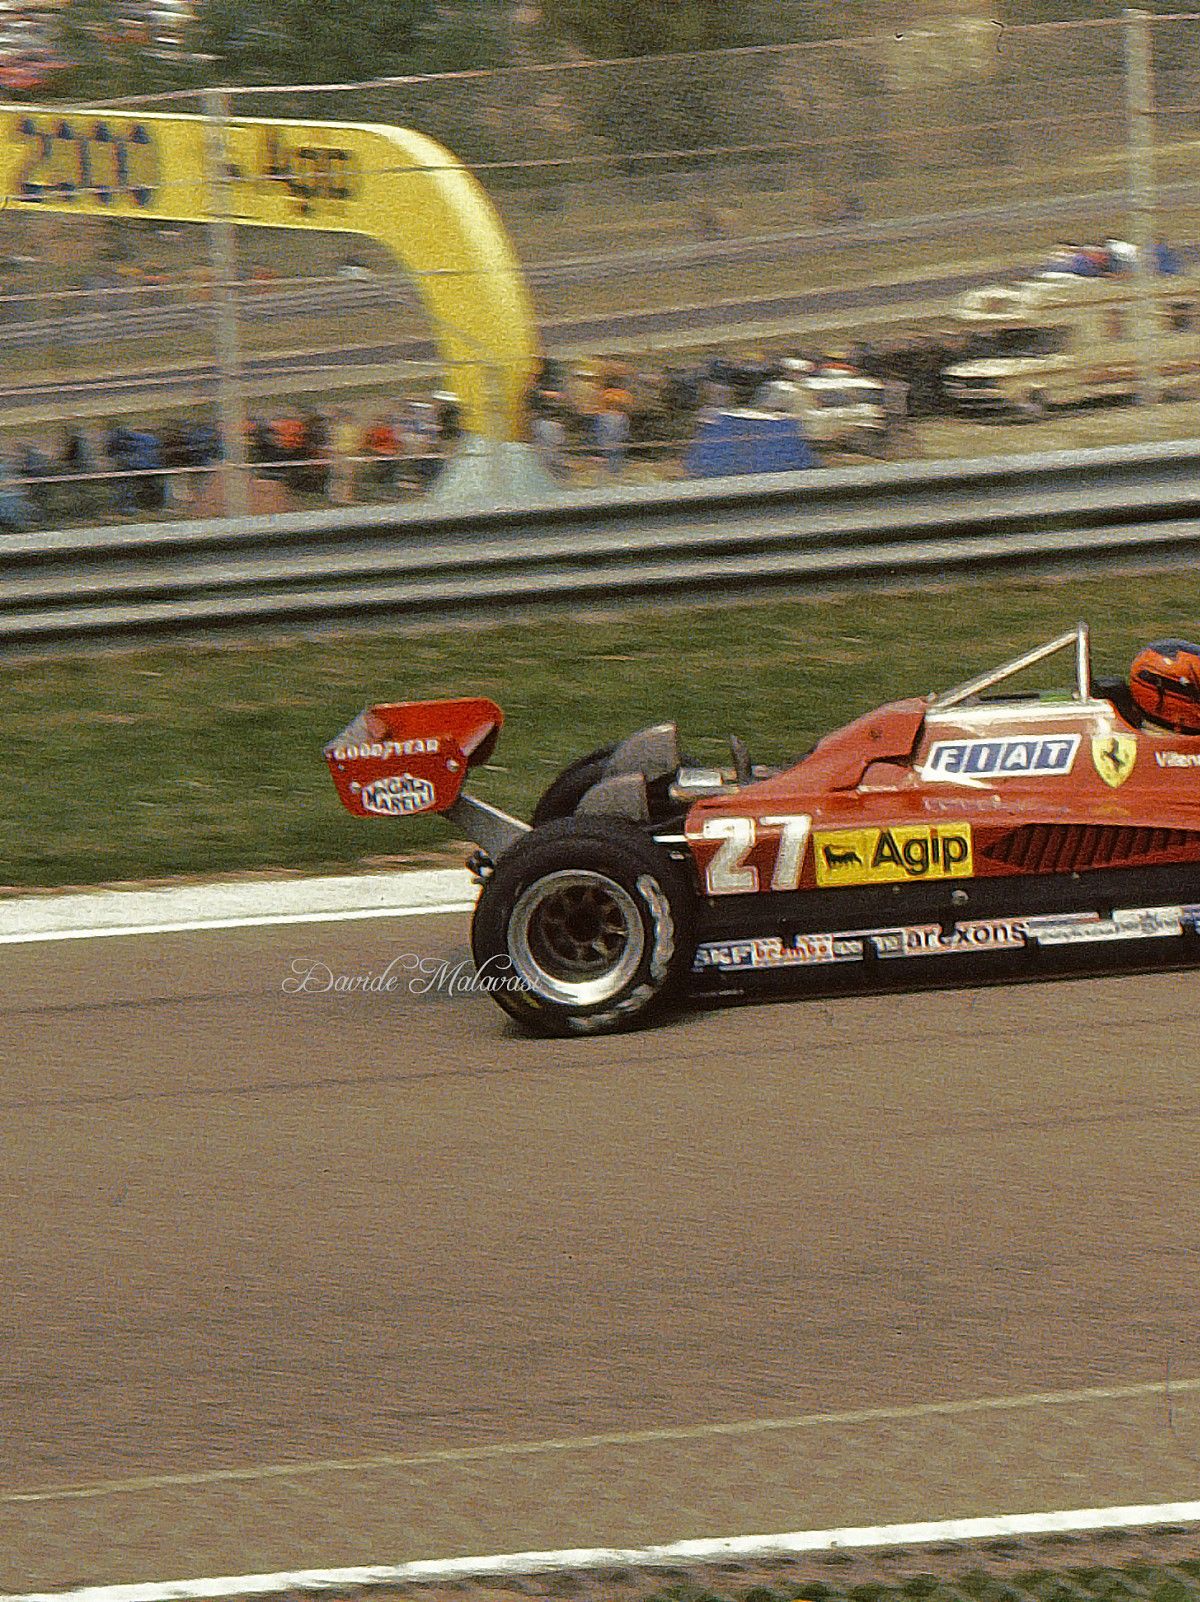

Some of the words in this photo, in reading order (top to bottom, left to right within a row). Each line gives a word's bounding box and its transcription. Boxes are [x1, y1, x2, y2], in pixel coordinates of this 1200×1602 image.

[333, 739, 440, 761] GOODYEAR
[932, 739, 1076, 774] FIAT
[702, 813, 812, 896] 27
[871, 832, 968, 875] Agip
[693, 946, 750, 966] SKF
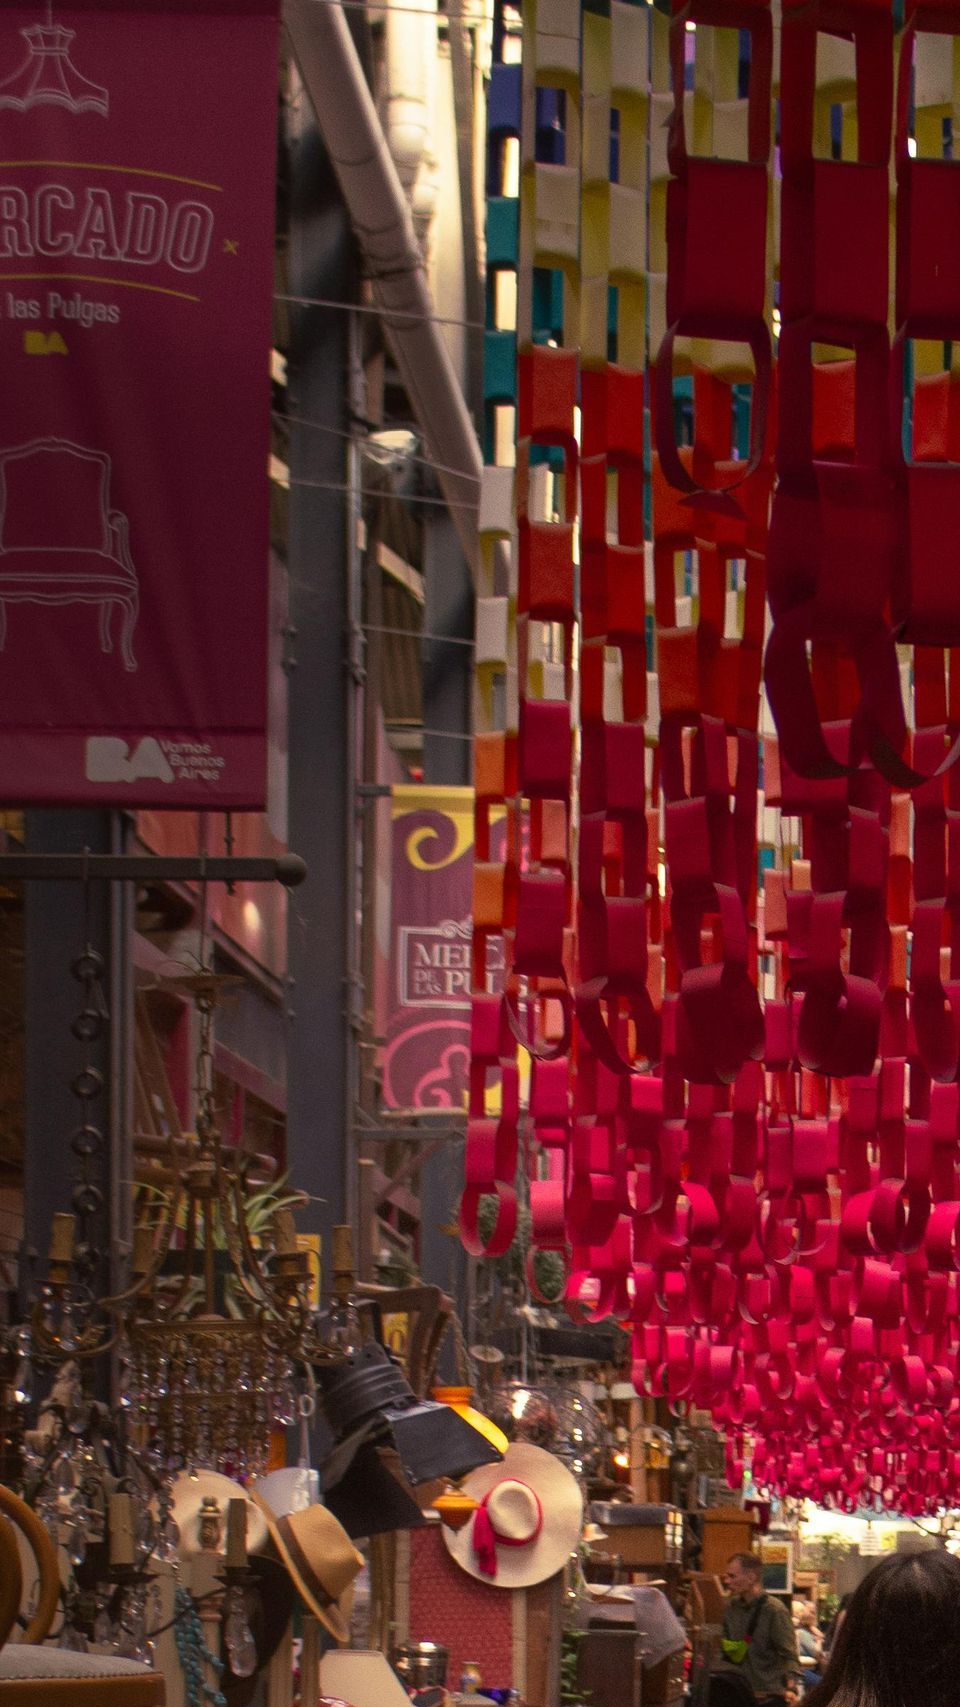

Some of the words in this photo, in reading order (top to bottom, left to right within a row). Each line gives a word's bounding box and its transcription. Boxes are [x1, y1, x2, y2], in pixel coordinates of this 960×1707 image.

[6, 292, 41, 319] las
[49, 292, 120, 328] Pulgas
[158, 738, 211, 755] Vamos
[85, 735, 175, 783] BA
[169, 753, 225, 768] Buenos
[178, 766, 220, 781] Aires
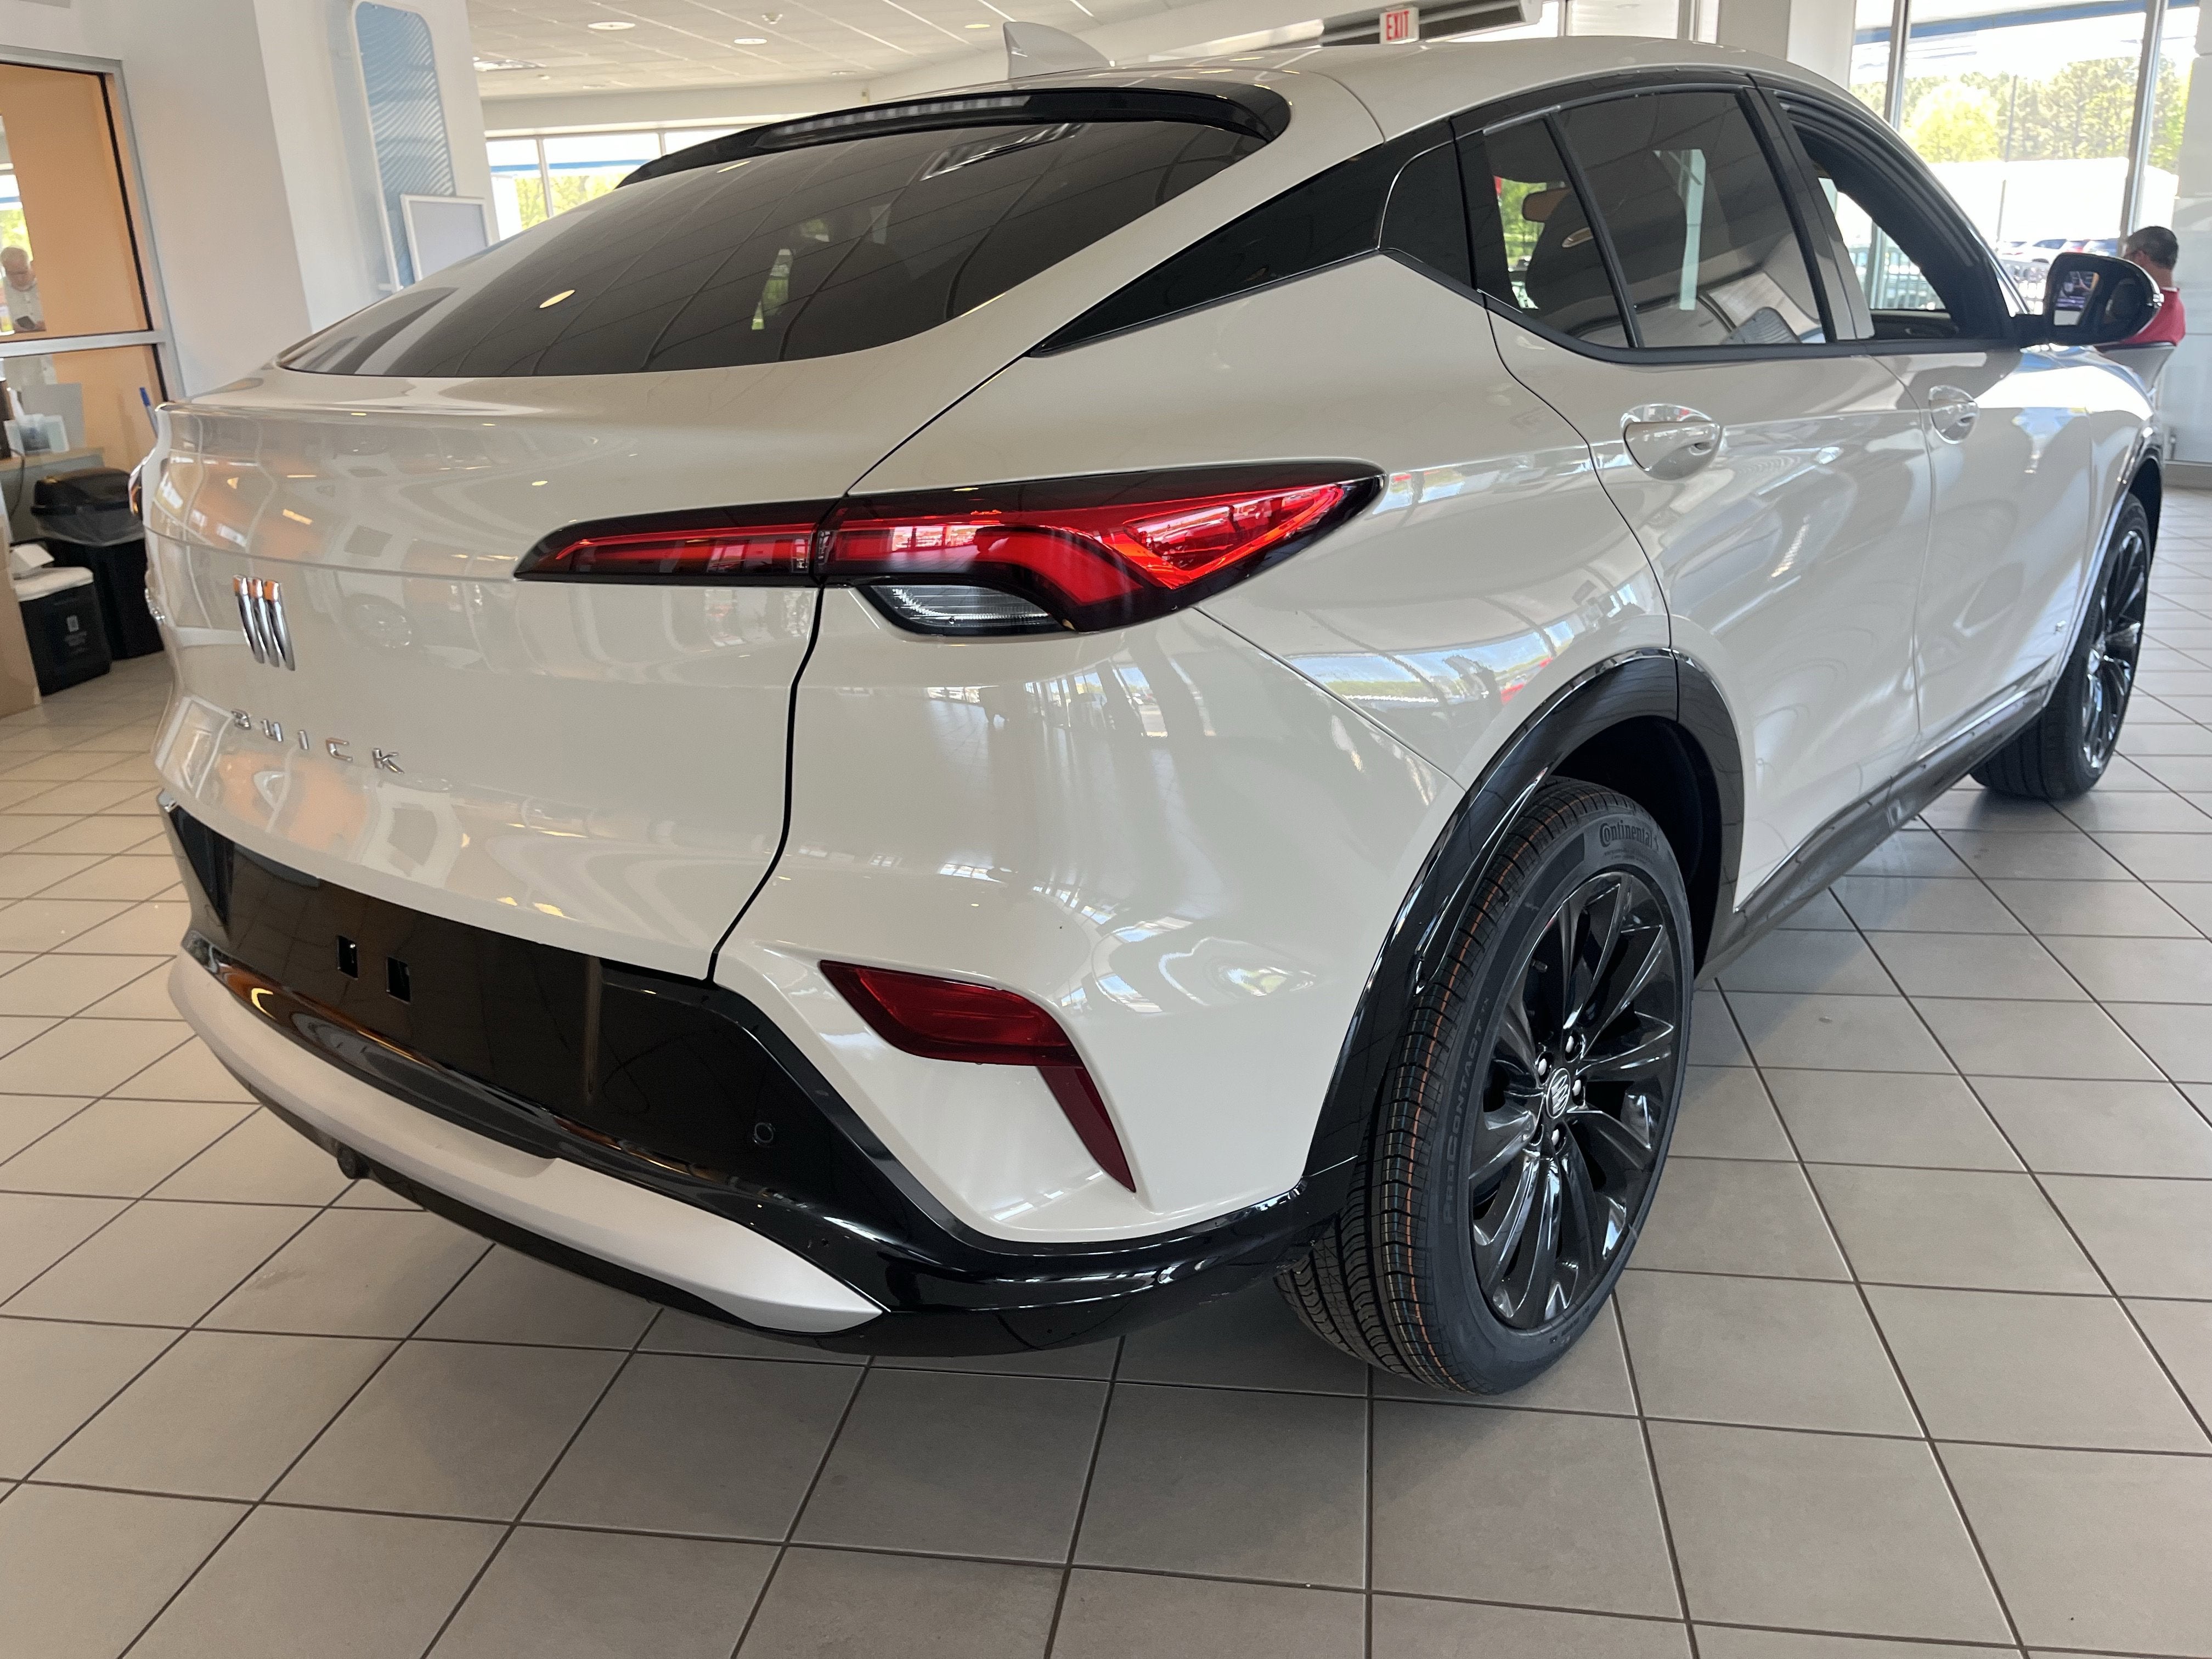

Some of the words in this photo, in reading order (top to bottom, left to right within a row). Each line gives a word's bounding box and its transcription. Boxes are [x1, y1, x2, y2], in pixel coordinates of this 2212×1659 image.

# Your instructions
When restating the records word for word, omit any picture they contain.

# Task output
Some of the words in this photo, in reading order (top to bottom, left to right within a row). Each line gives a word's bounding box and its transcription. Boxes are [x1, y1, x2, y2], in pixel coordinates of this 1200×1602 image.

[333, 739, 440, 761] GOODYEAR
[932, 739, 1076, 774] FIAT
[702, 813, 812, 896] 27
[871, 832, 968, 875] Agip
[693, 946, 750, 966] SKF

Some of the words in this photo, in reading order (top to bottom, left to right within a row). Each line gives a word's bounding box and its transcription. Boxes are [x1, y1, x2, y2], in pixel coordinates of this 960×1707 image.

[6, 292, 41, 319] las
[49, 292, 120, 328] Pulgas
[158, 738, 211, 755] Vamos
[85, 735, 175, 783] BA
[169, 753, 225, 768] Buenos
[178, 766, 220, 781] Aires

Some of the words in this photo, in reading order (top to bottom, left to right within a row). Each line gives a word's bounding box and its transcription. Boxes are [x1, y1, x2, y2], in pixel coordinates of this 2212×1659 image.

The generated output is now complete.